Dr. Neil Emery
Vice-President, Research and Innovation
Trent University

Neil EmeryAttached to the new DNA Building at Trent University is a greenhouse that is so unique and high-tech that there are only two others like it in all of North America. Dr. Neil Emery, the Trent researcher who advocated for the greenhouse to be built, describes the facility as “a massive growth cabinet” with extreme climate control, meaning that any spot within the greenhouse can be regulated to within plus or minus one degree.

These state-of-the-art regulating capabilities, which include the lighting system in addition to temperature control, are key to Dr. Emery’s research which, as a plant biologist, consists of working to understand how plants grow chemically and genetically.

“We can now grow plants on demand,” says Dr. Emery, explaining that prior to the development of the new greenhouse, he was required to share space with other universities. “Now we are able to create a healthy, year-round supply of research material right here.”

His area of focus is on legumes – lentils, peas, chick peas, and beans – and examining how the seeds develop and the impact hormones have on their growth. “It’s all about the good things your mom always told you to eat, and what I like to call ‘the food of the future’,” Dr. Emery says, describing how legumes are not only extremely healthy, but also environmentally friendly because they produce their own nitrogen fertilizer. The only downside is that they are generally low-yield plants compared to more popular cereal crops. Dr. Emery hopes to change this through his research.
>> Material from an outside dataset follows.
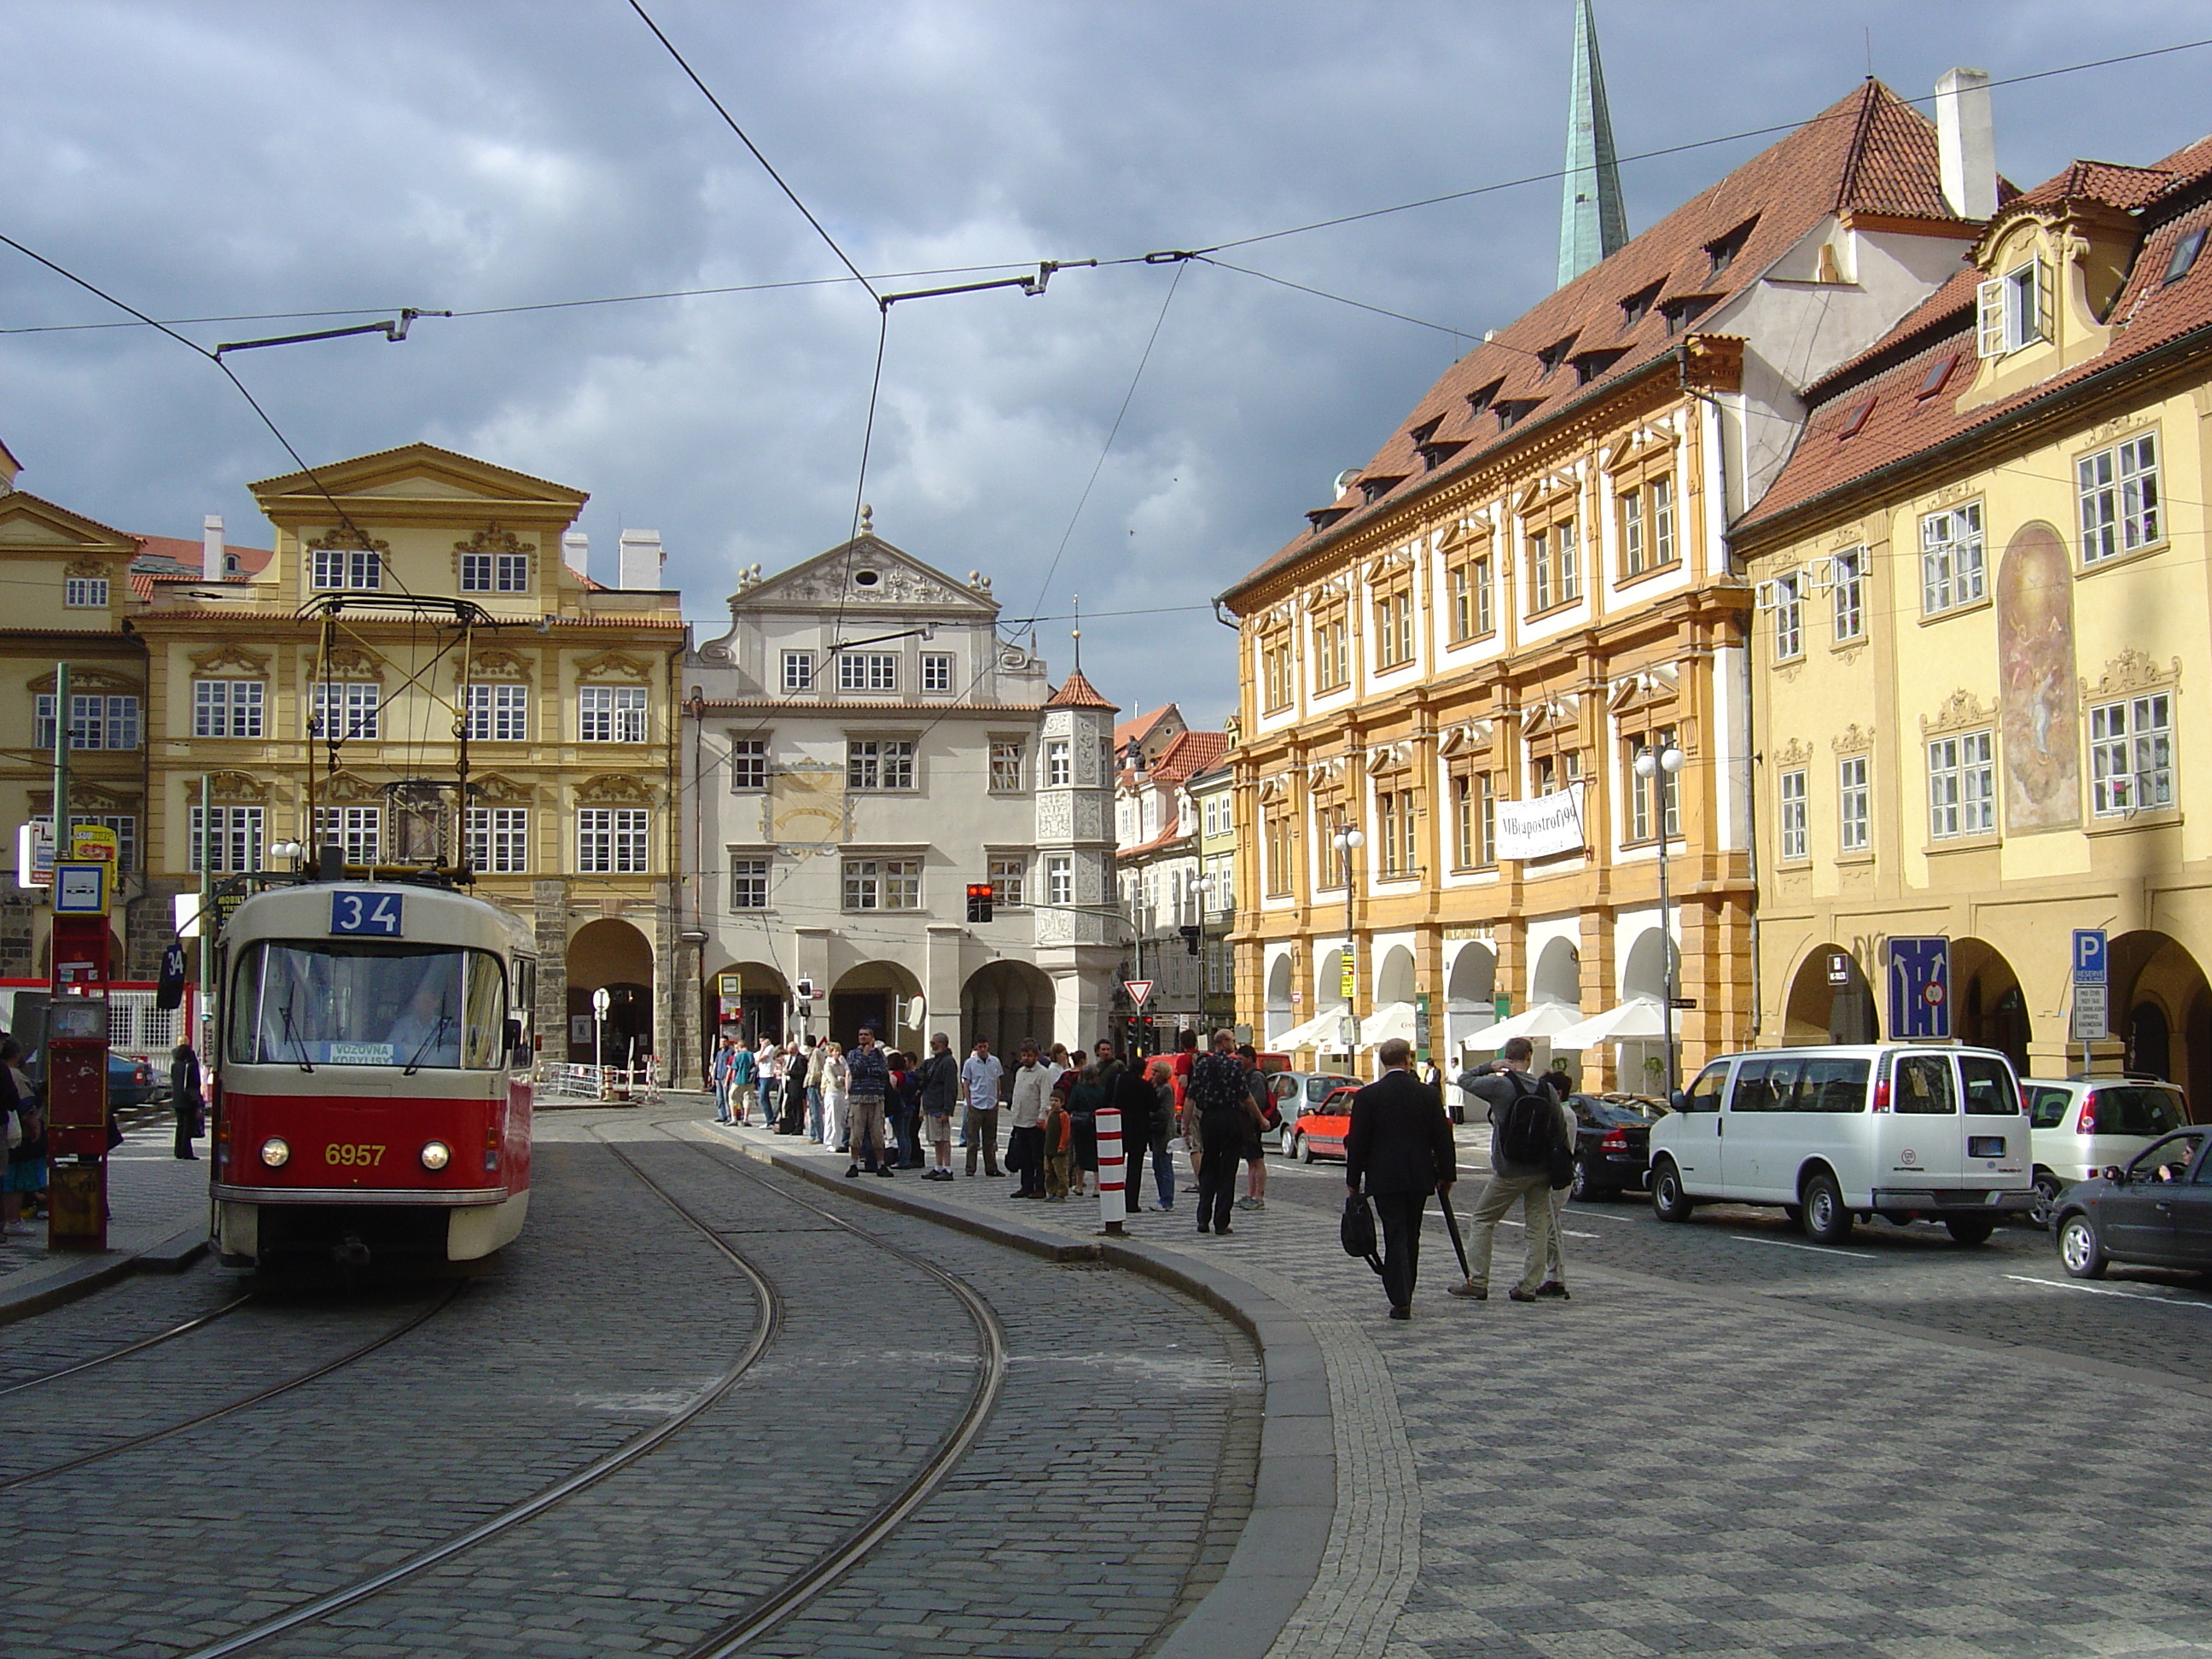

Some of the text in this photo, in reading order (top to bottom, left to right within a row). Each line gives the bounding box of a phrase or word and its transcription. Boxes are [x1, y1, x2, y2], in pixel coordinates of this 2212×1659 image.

Dr. Emery is one of the world’s leading experts in the study of plant hormones. In particular, he works on a family of hormones, the cytokinins, which are notoriously difficult to analyze and which are potent regulators of plant development even when present at extremely low concentrations. Prior to coming to Trent in 2000, he completed post-doctoral research in Australia working on hormonal control of fruit set and seed development in chickpea and lupin and in France examining nitrogen and carbon metabolism in field peas. In his work with legumes he is studying how the plants biochemically pull themselves together as a means of determining how to create bigger, more stable yields. The end users of research findings would be breeders of plants who he could give direction for making better varieties of each plant.

“I see this as an opportunity to make Canada a leading competitor in the global grain legume market,” Dr. Emery said. As a lead competitor, Canada could be a major exporter of these grains to other countries; in addition, increasing the yields of legumes could also have an impact on the health of local populations and communities. “It’s a lot better than pushing fast food,” he says.

In addition to the greenhouse, Dr. Emery also conducts his research in a lab within the new DNA Building. In the spirit of collaboration and integration, Dr. Emery shares this space with other researchers, including Dr. Barry Saville. As one of Trent’s newest faculty members and researchers, Dr. Saville studies corn smut – a fungal disease of corn which decreases yields by replacing normal kernels of the cobs with large distorted tumours. A leading expert in gene expression of plants and their fungal hosts, Dr. Saville and Dr. Emery will no doubt have a lot to learn from one another.

“The new building is all about bringing like-minded researchers together to lean on each other for advice and ideas,” says Dr. Emery. And in addition to the study of plants, there are several other researchers within the building with whom Dr. Emery can collaborate and learn from, especially under the larger topic of stress physiology. While Dr. Emery and Dr. Saville work with the biochemistry of plants, Dr. Leslie Kerr from the departments of Biology and Psychology works with human physiology, Biology professor Dr. Ingrid Brenner’s research focuses on exercise physiology, and Dr. Gary Burness, also in the department of Biology, studies the physiology of animals, including birds and fish.

It is through studying the physiology of plants, however, that Dr. Emery hopes to make his mark and now with the new greenhouse up and running, it will only be a matter of time before that happens.

“Plant biology research wasn’t on the map at Trent before but now people are going to start thinking of us and they will all be pleasantly surprised when they come here and see it all for themselves.”